SW_20130115_NY_5051During his morning keynote address at the Street Fight Summit in New York, Walt Doyle, the general manager of PayPal Media Network, took a deep dive into eBay’s $3 billion push into local, demonstrating both the opportunities and the frustrations endemic to the space.

In an interview last week with Street Fight, Doyle had talked about the challenges for the hyperlocal market in 2013, saying, “There’s one thing that nobody can predict, and that’s consumer adoption. When are consumers really going to make this mainstream?”

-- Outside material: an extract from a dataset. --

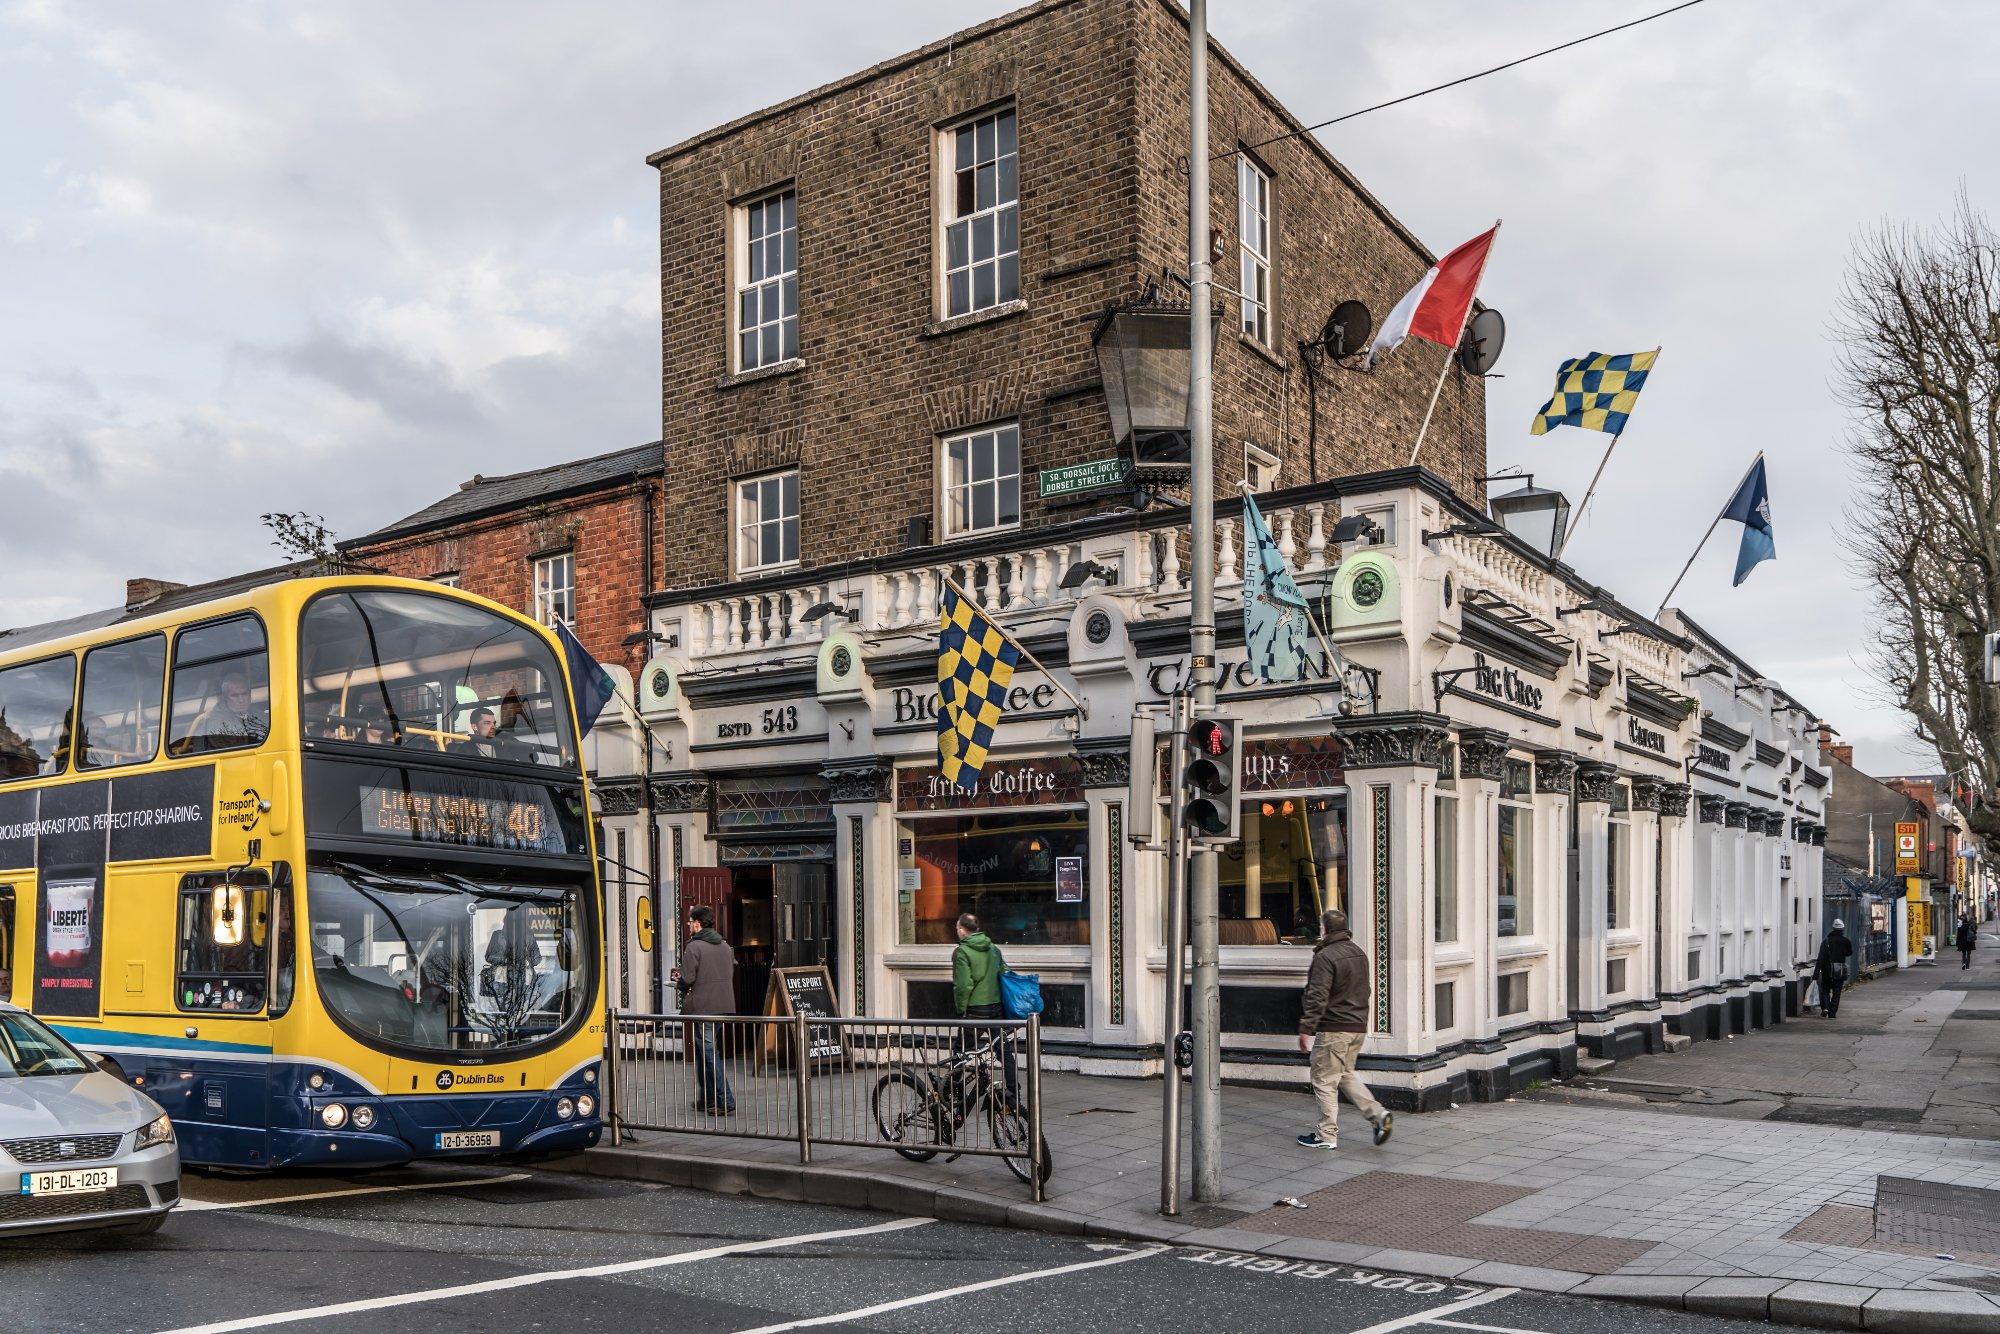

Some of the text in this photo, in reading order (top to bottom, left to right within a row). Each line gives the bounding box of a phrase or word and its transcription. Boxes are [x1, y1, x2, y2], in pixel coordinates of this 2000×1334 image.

Doyle outlined half a dozen partnerships made by eBay over the past year, highlighting campaigns with larger brands, including Sears, Home Depot, and BestBuy. Coupons, discounts, product awareness, and messaging are all well and good, he said. But depositing real money automatically into customers’ PayPal wallets, say, makes a real impact in terms of “getting them off their couches”— one of Groupon’s original mission statements, incidentally — and bringing them to the store on foot. Syncing all the data becomes crucial to engagement: Is that item relevant? And is it actually in stock?

Doyle said it’s all about context. “Nothing trumps purchase history — who they are, where they bought, what they bought,” he said.

And when “consumers have a mall in their hands,” as they do now with multiple screens and proactive showrooming, “the purchase funnel had become the purchase pretzel.” That’s where offline payments come in.

This may all be good in theory but the limitations include, as always, the back end. Doyle said that esoteric programming languages killed many early apps that prefigured some of today’s big success stories and overlaying third-party data is still a challenge for most mobile developers. Conversely, some of the early products that Doyle worked on at Where, from pet trackers to geophotos, had the tech but not the reach or weren’t relevant to small businesses.

The eventual goal is “the democratization of payments,” Doyle said. What excites him is not just the transaction or the engagement but “going back to the merchant and saying, “This is what we did. We can participate not just in CPM but in the actual transaction.” And, he said, too many companies silo when they should be collaborating. (PayPal’s ecosystem partnerships fortunately include Apple.)

“Local is so hard; it’s not a game that I think anyone can go in and win alone,” he said. “You have to have lots and lots of partners. It doesn’t get any easier; you have to have partners.”